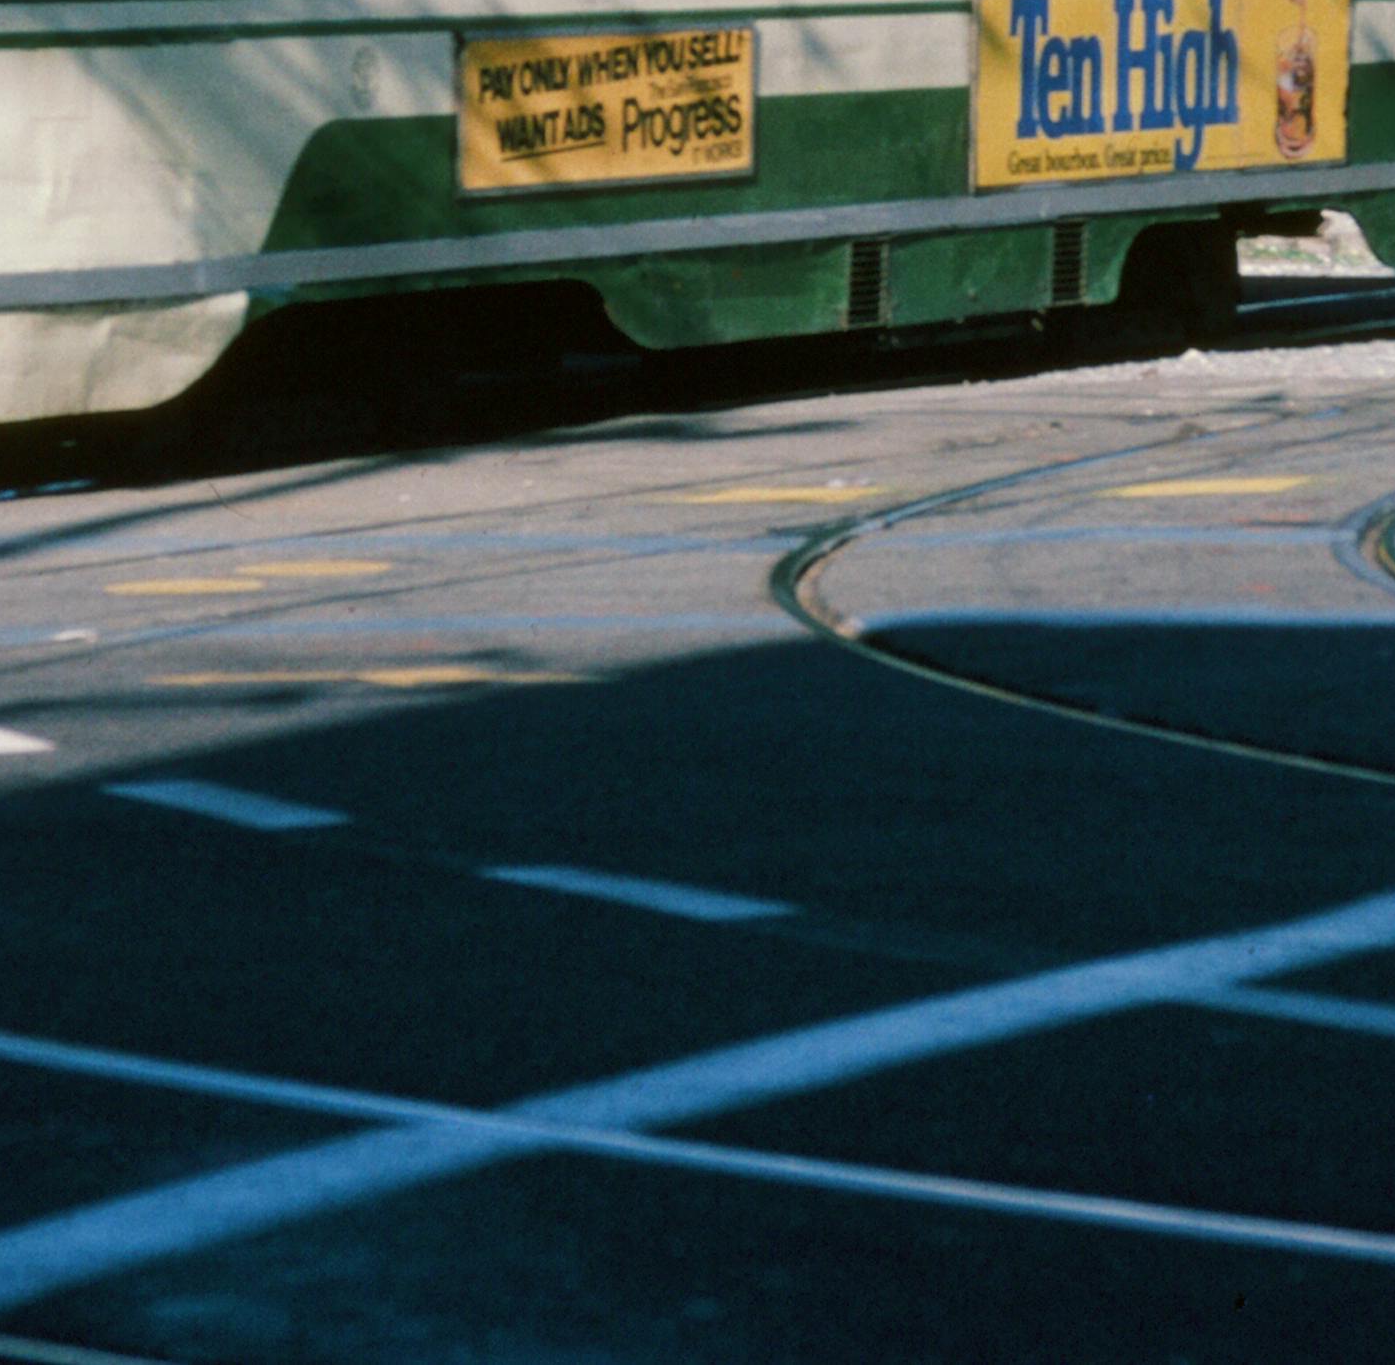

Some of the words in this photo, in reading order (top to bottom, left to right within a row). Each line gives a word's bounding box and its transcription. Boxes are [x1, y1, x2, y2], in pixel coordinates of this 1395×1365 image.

[479, 64, 515, 103] PAY
[520, 56, 572, 96] ONLY
[578, 43, 639, 86] WHEN
[644, 38, 684, 75] YOU
[497, 110, 560, 153] WANT
[564, 102, 605, 142] ADS
[622, 95, 743, 155] Progress
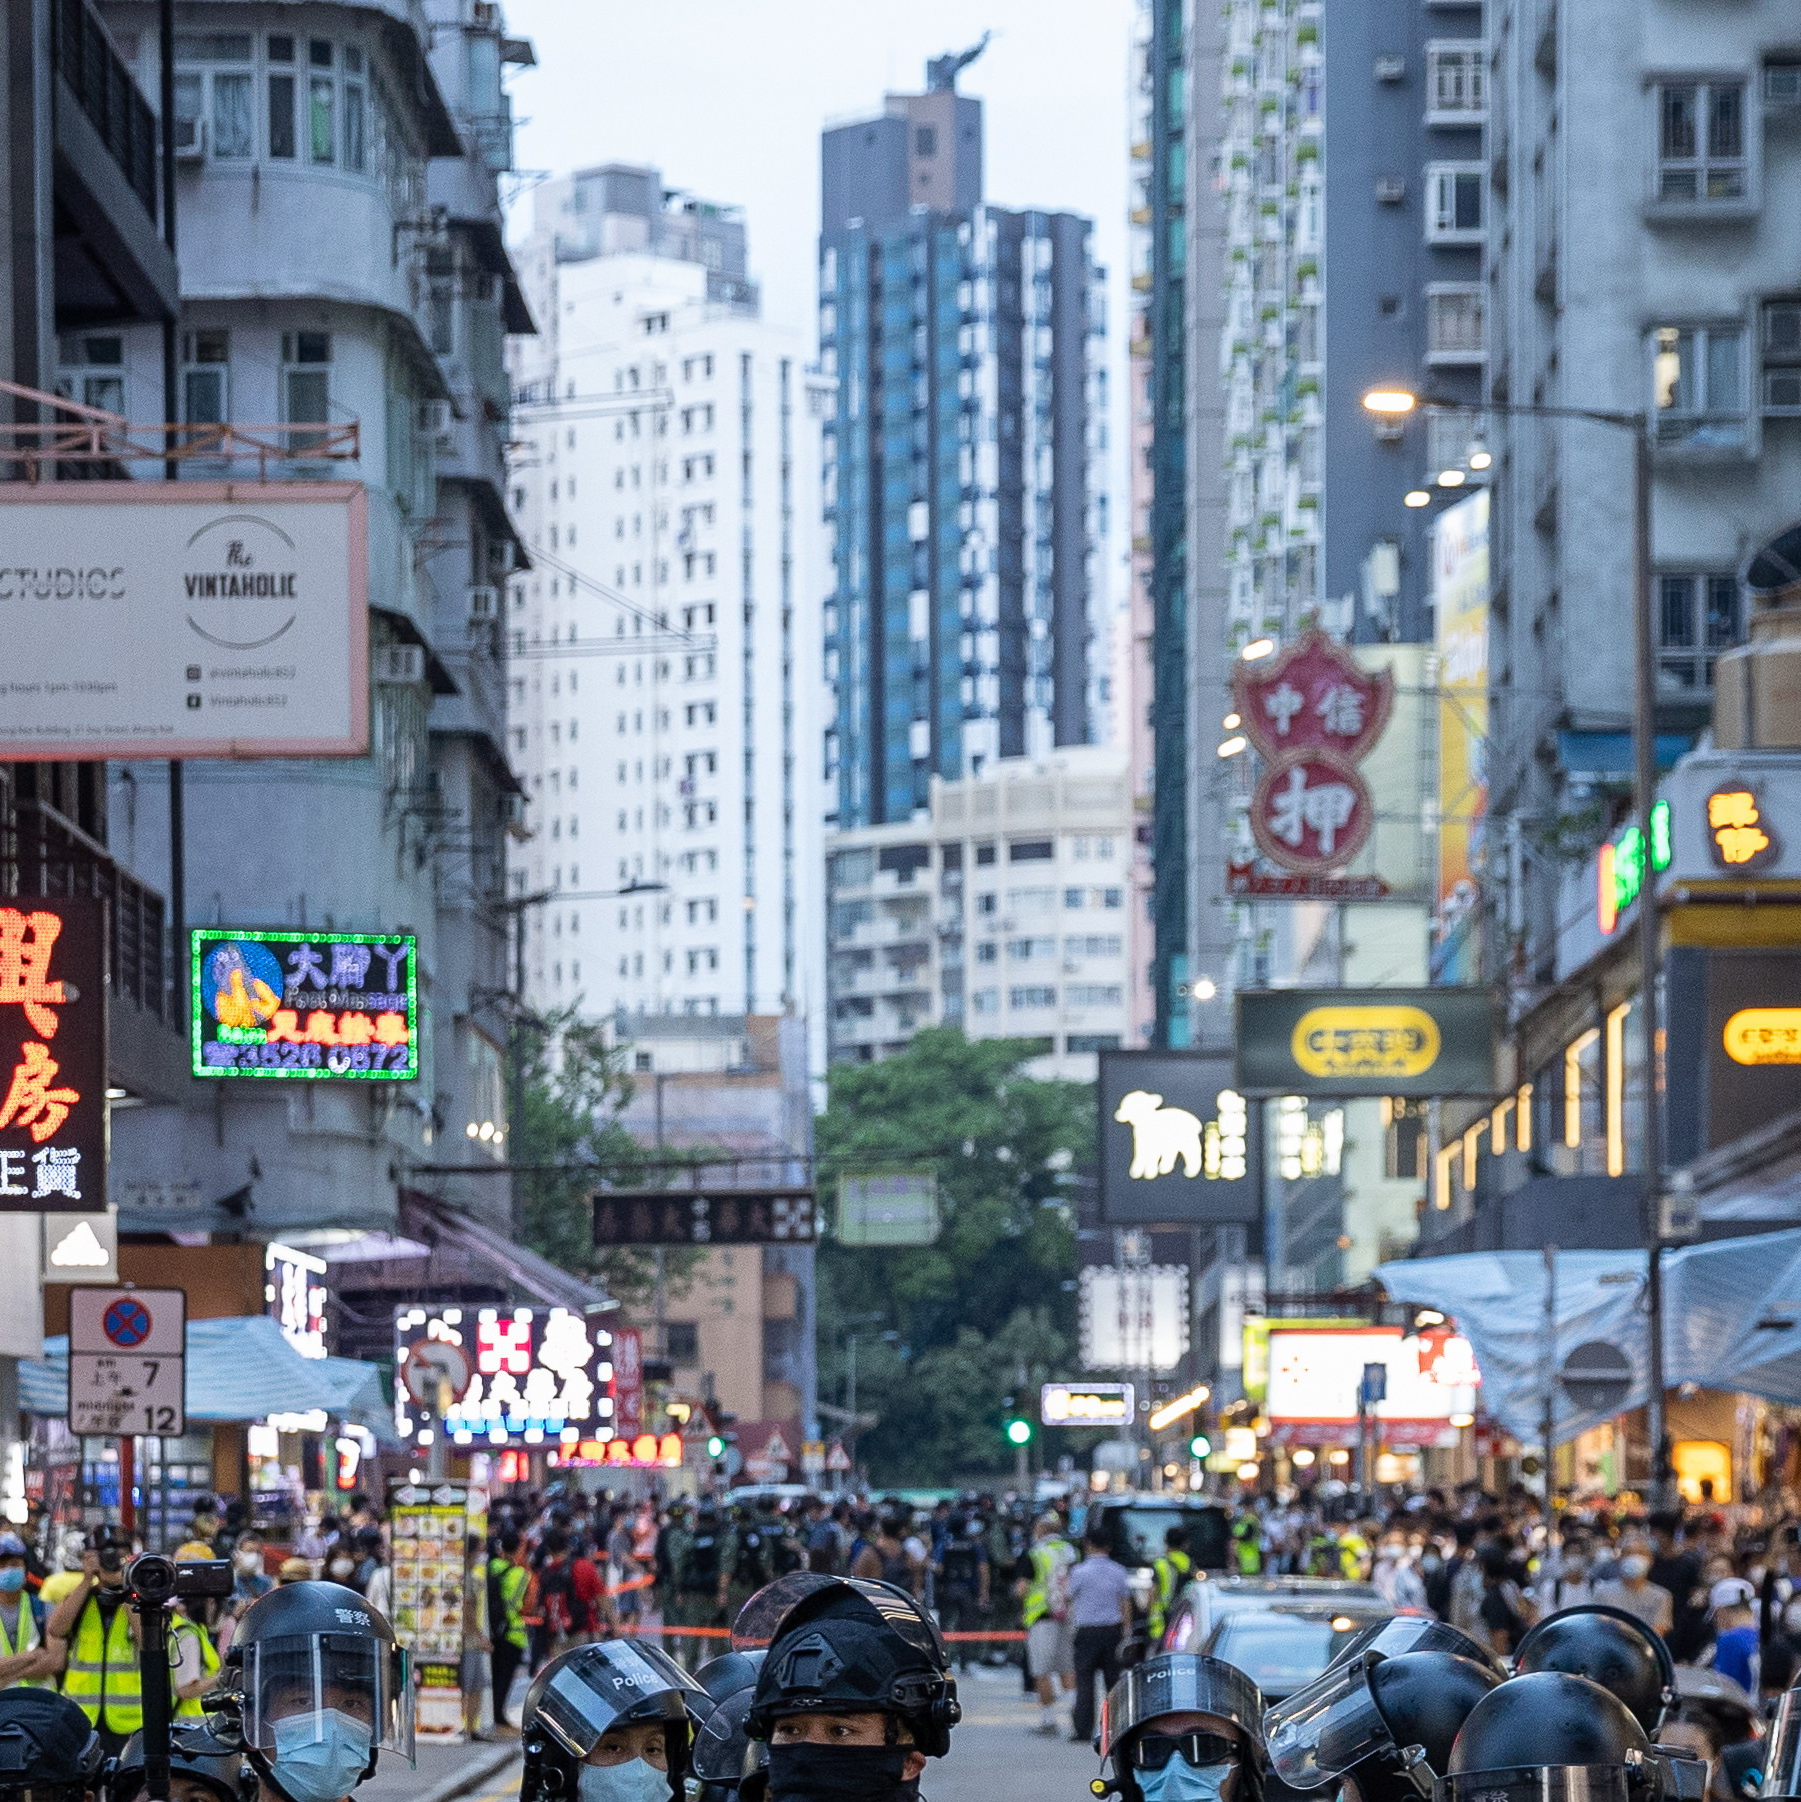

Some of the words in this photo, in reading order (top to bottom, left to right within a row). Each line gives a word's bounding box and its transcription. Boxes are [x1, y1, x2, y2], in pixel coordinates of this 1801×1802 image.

******

With pictures excluded, output the listing above exactly as it stands.

--- Answer below ---
Some of the words in this photo, in reading order (top to bottom, left to right within a row). Each line gives a word's bounding box and its transcription. Boxes are [x1, y1, x2, y2], in pixel coordinates of this 1395×1365 image.

[479, 64, 515, 103] PAY
[520, 56, 572, 96] ONLY
[578, 43, 639, 86] WHEN
[644, 38, 684, 75] YOU
[497, 110, 560, 153] WANT
[564, 102, 605, 142] ADS
[622, 95, 743, 155] Progress

Some of the words in this photo, in reading order (top to bottom, left to right within a row). Each line gives a word's bounding box and its transcription. Boxes are [x1, y1, x2, y2], in pixel coordinates of this 1801×1802 image.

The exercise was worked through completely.